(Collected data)
_ _ _

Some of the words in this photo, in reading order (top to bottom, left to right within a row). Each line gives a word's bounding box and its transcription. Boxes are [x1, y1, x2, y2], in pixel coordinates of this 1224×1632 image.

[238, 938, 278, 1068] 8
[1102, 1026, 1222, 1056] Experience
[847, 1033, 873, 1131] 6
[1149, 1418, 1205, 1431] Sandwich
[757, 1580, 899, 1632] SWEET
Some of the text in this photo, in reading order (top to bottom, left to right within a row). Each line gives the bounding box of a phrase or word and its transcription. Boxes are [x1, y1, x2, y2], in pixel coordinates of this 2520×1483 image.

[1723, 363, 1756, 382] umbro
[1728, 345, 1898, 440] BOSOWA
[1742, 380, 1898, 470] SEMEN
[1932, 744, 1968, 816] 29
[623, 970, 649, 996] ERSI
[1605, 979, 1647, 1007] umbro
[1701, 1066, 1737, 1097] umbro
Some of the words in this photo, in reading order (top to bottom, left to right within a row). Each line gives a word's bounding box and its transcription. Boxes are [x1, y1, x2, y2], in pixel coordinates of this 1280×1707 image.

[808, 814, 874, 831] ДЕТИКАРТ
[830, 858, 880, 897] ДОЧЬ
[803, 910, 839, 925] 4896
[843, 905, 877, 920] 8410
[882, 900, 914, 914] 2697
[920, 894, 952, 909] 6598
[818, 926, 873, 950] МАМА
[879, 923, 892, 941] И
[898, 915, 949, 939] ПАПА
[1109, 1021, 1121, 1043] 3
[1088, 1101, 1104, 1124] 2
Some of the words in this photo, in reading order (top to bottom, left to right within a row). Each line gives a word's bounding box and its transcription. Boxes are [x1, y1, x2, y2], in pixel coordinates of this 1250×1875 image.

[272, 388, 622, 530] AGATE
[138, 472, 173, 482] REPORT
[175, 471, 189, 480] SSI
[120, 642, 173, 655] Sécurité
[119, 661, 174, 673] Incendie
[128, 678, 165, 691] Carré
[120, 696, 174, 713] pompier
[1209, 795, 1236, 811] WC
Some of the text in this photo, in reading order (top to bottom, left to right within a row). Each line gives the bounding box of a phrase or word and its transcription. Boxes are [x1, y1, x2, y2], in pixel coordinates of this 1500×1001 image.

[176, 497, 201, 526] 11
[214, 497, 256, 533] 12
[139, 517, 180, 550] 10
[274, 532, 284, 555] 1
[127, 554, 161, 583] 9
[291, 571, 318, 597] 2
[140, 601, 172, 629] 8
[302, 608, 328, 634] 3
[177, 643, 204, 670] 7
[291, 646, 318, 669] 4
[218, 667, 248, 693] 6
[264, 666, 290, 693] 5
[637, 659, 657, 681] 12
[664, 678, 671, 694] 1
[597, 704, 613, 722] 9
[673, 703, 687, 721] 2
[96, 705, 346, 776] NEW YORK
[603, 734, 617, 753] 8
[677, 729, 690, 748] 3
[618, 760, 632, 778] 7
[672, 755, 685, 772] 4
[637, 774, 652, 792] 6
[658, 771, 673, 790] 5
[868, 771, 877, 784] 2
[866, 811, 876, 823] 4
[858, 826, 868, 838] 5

_ _ _

**TASK INSTRUCTIONS**
One line above contains "this 1500×1001 image.". Output that line and each one after it, word for word, and nothing else.

**ANSWER SECTION**
Some of the text in this photo, in reading order (top to bottom, left to right within a row). Each line gives the bounding box of a phrase or word and its transcription. Boxes are [x1, y1, x2, y2], in pixel coordinates of this 1500×1001 image.

[176, 497, 201, 526] 11
[214, 497, 256, 533] 12
[139, 517, 180, 550] 10
[274, 532, 284, 555] 1
[127, 554, 161, 583] 9
[291, 571, 318, 597] 2
[140, 601, 172, 629] 8
[302, 608, 328, 634] 3
[177, 643, 204, 670] 7
[291, 646, 318, 669] 4
[218, 667, 248, 693] 6
[264, 666, 290, 693] 5
[637, 659, 657, 681] 12
[664, 678, 671, 694] 1
[597, 704, 613, 722] 9
[673, 703, 687, 721] 2
[96, 705, 346, 776] NEW YORK
[603, 734, 617, 753] 8
[677, 729, 690, 748] 3
[618, 760, 632, 778] 7
[672, 755, 685, 772] 4
[637, 774, 652, 792] 6
[658, 771, 673, 790] 5
[868, 771, 877, 784] 2
[866, 811, 876, 823] 4
[858, 826, 868, 838] 5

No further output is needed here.